Wasn't planning on banging on about betas again but it's a topic hard to avoid right now. Syp posted an interesting addendum to his earlier piece today and Ravious drew attention to some very interesting insights from the WildStar folks. A few days back SynCaine had something to say about how rough a real beta can be and Keen joined the chorus on what a pain it is for a Blogger to have to keep NDA.

I could riff off any of those. Betas fascinate me. They have an allure that released MMOs rarely match. There's the obvious attraction of sitting in at rehearsals, slipping behind the curtain, seeing how it all works. Maybe you'll get the chance to suggest a line reading, hear it taken up and used.

And yet, beyond all that heartwarming community stuff, isn't there something almost transgressive about the experience. Should you really be there? Is it allowed? Are you sure? Won't you get caught?

Betas offer all the stuff we say we want in Live MMOs. Access to the people who make the games. Answers to questions and action on suggestions. New content in floods and streams. A truly dynamic world, where anything and everything is mutable, where drastic, irreversible change can happen any time, to the game, to the world, to your character, yes yours. Even permadeath, that character, all your characters, gone for ever, wiped, maybe without warning. Never coming back.

A full-on game-building, bug-crushing, system-shaking beta in the grand tradition compresses the kind of change you'd play Live for years to experience into a few crunching months. Beta characters live fast, die young and leave a portfolio of screenshots with more intensity of memory than you get from half a dozen expansions. Betas are fever dreams.

This is why I played for five years on EQ2's Test Server. The bugs, the glitches, the chaotically unbalanced new content, the rollbacks, the redacted, rescinded, revamped changes that were tried and retried and never went Live. The sense that nothing was fixed, no ground was solid and the world was against you. The only MMO home I ever found that combined beta vigor with permanent characters.

So I play a lot of betas. And until someone works out how to make Live MMOs that hold the same thrill I guess I always will. If they'll have me.

2 comments:

  1. I played on EQ1 Testserver, which made me want to play on only Testservers going forward. Did so in DAOC as well (until of course they made free toons there and destroyed what was left of the community).

    If Warhammer:the Game was able to replicate Warhammer: The Beta it would have sold millions. WAR Beta had persistence of knowing the same enemy, and having everyone on one server, funneled into the exact same areas, and it was a blast. They screwed up ultimate end game though, and then at launch, everyone was so spread out it just didn't work.
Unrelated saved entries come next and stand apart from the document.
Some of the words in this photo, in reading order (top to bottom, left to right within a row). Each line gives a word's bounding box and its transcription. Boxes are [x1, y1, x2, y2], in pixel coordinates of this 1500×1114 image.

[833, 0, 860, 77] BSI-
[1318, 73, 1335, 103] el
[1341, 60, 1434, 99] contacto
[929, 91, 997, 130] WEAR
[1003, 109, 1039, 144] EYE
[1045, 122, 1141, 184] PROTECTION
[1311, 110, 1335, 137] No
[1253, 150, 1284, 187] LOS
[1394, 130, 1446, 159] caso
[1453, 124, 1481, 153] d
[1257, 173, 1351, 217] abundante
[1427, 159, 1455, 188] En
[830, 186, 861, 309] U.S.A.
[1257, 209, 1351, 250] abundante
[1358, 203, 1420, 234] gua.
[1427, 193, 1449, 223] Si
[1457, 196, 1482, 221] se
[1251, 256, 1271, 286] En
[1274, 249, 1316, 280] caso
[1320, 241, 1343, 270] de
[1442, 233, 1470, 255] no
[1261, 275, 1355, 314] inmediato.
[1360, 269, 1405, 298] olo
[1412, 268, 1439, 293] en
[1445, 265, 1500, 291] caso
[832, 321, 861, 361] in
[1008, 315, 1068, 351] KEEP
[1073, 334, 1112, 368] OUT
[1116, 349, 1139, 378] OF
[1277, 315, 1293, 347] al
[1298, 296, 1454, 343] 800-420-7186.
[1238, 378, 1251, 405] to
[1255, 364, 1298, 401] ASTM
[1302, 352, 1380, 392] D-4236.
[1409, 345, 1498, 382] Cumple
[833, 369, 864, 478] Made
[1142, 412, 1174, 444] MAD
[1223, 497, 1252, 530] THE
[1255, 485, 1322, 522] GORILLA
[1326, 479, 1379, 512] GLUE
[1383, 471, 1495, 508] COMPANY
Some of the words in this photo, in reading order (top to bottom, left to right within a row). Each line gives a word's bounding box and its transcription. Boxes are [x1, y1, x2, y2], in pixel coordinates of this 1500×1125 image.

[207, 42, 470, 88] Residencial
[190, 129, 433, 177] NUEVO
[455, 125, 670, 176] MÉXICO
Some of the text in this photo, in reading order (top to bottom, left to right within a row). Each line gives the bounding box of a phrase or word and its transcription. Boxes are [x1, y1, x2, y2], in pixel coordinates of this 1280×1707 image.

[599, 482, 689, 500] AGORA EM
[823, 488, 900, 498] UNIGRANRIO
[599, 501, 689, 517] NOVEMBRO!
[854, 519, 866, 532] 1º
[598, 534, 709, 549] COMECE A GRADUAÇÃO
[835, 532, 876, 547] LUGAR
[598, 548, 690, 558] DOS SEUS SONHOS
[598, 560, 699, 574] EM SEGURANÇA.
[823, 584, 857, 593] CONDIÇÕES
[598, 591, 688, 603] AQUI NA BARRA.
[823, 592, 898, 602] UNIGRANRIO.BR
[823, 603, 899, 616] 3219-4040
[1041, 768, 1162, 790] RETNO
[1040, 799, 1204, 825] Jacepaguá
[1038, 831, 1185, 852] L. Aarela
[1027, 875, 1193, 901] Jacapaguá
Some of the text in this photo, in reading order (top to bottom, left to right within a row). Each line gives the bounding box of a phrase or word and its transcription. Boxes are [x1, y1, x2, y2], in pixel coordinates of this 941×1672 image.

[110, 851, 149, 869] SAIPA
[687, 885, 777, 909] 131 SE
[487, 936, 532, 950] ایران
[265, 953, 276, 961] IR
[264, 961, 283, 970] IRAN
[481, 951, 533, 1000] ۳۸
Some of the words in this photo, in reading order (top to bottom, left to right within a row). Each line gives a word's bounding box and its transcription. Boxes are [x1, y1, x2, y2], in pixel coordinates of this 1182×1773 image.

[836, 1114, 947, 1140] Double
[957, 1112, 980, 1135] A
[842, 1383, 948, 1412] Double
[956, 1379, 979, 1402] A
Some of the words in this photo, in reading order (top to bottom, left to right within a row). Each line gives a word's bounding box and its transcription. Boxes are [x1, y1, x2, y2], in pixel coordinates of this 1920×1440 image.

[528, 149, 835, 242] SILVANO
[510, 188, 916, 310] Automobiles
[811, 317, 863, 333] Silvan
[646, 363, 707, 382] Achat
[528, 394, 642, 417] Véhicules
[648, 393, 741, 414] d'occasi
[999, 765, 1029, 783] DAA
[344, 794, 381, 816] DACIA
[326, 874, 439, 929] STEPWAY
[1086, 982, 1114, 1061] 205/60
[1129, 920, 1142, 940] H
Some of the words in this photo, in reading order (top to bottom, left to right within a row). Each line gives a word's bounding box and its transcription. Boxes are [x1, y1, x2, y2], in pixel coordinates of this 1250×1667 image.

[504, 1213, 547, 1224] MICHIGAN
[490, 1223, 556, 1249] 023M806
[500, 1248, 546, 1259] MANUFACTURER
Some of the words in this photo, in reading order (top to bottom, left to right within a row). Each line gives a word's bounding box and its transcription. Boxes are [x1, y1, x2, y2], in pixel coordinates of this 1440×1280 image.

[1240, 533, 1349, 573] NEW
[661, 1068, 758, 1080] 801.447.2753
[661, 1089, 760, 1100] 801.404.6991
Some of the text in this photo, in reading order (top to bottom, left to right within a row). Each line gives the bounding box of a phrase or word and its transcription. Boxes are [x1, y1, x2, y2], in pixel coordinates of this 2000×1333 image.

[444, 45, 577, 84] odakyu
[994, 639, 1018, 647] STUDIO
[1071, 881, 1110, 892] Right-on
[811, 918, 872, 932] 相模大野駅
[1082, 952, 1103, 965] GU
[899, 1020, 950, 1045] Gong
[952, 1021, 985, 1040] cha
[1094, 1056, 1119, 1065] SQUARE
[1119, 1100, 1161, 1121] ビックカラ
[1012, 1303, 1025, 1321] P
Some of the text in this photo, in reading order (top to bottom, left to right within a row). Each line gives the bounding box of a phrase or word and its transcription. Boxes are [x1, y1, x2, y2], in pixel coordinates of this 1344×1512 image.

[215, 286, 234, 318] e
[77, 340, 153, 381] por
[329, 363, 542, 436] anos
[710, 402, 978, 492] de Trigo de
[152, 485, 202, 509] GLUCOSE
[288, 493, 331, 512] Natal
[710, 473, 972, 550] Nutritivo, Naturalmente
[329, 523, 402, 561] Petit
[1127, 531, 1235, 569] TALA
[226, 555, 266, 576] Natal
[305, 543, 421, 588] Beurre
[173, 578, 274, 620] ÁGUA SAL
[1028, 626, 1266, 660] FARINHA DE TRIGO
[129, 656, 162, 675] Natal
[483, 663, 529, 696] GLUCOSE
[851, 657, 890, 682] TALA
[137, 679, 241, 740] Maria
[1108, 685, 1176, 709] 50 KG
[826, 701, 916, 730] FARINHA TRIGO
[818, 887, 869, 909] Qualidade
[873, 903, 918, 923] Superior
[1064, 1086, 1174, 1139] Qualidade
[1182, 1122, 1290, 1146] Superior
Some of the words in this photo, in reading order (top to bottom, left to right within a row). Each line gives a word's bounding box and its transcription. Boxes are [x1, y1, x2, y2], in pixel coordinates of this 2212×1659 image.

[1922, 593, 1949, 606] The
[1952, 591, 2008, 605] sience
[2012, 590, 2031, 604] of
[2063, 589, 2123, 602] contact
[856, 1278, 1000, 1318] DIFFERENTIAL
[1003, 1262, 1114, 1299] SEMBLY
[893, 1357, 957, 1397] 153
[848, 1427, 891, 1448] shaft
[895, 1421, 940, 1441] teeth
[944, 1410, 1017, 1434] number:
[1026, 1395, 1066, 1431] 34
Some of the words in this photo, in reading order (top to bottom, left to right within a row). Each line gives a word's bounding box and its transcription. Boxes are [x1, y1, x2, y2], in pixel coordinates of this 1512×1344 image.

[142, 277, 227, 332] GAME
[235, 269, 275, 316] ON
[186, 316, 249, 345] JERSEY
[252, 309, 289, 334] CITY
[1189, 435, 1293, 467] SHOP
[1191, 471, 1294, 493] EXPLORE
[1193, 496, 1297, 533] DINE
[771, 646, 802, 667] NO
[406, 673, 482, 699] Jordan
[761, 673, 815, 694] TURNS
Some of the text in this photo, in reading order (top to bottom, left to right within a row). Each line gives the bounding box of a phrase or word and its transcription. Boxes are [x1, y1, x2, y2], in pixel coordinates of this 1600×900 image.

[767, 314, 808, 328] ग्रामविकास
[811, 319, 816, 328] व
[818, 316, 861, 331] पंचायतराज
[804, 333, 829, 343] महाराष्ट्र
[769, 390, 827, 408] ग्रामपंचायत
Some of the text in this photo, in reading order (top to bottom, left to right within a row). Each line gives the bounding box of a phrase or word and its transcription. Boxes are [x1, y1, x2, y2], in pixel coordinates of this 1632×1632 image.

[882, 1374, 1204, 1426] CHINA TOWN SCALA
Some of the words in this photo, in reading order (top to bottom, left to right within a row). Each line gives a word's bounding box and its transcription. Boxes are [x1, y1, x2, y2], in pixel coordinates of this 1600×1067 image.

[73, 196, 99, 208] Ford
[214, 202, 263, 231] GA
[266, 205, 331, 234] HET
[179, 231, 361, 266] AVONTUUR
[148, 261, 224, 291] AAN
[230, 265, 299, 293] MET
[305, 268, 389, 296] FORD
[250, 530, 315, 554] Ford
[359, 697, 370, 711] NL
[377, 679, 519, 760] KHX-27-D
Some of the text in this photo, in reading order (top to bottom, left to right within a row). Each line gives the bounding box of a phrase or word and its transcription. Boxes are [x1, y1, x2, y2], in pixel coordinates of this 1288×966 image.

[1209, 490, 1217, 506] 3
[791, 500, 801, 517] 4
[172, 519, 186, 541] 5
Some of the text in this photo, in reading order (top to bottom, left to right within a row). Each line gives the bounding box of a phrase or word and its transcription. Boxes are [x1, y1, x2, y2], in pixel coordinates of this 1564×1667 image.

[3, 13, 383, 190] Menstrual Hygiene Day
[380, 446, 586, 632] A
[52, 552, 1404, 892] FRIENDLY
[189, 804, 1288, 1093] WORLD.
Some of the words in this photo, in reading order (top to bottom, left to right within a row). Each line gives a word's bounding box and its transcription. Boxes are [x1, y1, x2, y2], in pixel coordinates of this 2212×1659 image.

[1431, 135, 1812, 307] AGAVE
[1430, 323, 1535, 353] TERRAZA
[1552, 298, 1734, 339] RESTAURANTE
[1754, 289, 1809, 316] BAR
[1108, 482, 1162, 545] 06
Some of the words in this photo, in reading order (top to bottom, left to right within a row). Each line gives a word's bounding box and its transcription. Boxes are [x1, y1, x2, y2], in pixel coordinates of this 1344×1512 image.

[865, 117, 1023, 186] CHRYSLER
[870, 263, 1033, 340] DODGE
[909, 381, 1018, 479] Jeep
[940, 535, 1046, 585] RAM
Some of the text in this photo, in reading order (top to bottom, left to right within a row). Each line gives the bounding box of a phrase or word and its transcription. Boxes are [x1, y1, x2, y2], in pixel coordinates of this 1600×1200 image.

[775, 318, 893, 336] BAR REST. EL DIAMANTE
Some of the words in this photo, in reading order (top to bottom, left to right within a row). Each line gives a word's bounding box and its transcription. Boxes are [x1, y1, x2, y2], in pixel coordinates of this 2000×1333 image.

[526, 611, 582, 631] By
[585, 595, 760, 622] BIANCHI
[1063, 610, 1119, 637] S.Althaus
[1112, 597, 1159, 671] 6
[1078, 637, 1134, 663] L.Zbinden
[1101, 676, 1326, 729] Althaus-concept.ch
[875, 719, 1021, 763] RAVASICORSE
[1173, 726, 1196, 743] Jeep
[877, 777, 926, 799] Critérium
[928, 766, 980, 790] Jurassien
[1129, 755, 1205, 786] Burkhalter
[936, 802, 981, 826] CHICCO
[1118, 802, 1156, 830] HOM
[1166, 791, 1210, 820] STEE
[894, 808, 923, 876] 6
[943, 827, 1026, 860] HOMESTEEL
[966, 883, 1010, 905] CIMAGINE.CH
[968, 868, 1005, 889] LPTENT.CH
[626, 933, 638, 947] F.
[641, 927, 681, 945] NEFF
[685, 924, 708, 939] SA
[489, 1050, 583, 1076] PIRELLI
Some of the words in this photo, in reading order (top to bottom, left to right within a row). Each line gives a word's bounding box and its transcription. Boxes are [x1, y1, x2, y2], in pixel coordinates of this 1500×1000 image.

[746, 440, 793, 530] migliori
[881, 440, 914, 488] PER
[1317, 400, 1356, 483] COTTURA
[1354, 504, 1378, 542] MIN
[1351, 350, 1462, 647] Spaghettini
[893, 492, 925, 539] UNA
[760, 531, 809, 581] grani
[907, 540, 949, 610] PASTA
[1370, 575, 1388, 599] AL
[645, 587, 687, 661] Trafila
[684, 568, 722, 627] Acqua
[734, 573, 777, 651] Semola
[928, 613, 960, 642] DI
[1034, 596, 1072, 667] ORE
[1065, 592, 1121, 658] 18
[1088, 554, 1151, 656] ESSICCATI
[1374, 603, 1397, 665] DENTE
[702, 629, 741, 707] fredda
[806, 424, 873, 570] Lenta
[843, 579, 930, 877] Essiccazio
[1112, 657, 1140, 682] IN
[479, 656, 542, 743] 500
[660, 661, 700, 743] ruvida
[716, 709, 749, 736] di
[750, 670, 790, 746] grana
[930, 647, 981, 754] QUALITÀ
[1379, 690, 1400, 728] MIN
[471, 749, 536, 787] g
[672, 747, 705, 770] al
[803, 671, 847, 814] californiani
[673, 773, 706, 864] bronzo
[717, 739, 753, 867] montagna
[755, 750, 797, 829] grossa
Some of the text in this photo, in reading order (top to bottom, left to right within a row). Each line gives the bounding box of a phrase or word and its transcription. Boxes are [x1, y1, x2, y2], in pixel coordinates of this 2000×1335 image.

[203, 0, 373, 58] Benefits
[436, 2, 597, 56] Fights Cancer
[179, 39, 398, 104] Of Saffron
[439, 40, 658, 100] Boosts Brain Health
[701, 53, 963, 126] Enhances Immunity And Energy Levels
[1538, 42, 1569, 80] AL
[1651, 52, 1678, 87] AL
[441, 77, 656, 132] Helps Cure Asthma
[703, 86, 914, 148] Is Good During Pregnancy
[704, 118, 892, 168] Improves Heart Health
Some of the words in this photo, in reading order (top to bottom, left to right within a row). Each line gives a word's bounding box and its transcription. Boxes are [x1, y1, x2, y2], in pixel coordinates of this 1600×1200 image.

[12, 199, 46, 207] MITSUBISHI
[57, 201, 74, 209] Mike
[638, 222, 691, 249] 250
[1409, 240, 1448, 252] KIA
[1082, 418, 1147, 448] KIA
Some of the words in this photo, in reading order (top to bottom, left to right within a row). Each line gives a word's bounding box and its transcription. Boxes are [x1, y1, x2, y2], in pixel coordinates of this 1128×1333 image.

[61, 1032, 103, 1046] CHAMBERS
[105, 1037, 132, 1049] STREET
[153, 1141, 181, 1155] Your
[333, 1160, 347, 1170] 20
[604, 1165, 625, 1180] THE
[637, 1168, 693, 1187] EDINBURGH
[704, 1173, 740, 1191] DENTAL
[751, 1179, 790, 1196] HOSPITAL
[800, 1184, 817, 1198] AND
    I have to admit I stopped signing up for betas (have done 30+ of them starting with EQ1) because I feel most of it is load testing now and not really testing or tweaking.

    Too much of anything isn't good - even betas =) But yes, the beta style environment over the years has often been better than the released products.

    ReplyDelete
    Replies
    1. I started to reply and it turned into a post. EQ Test was where MMOs really set the hook for me.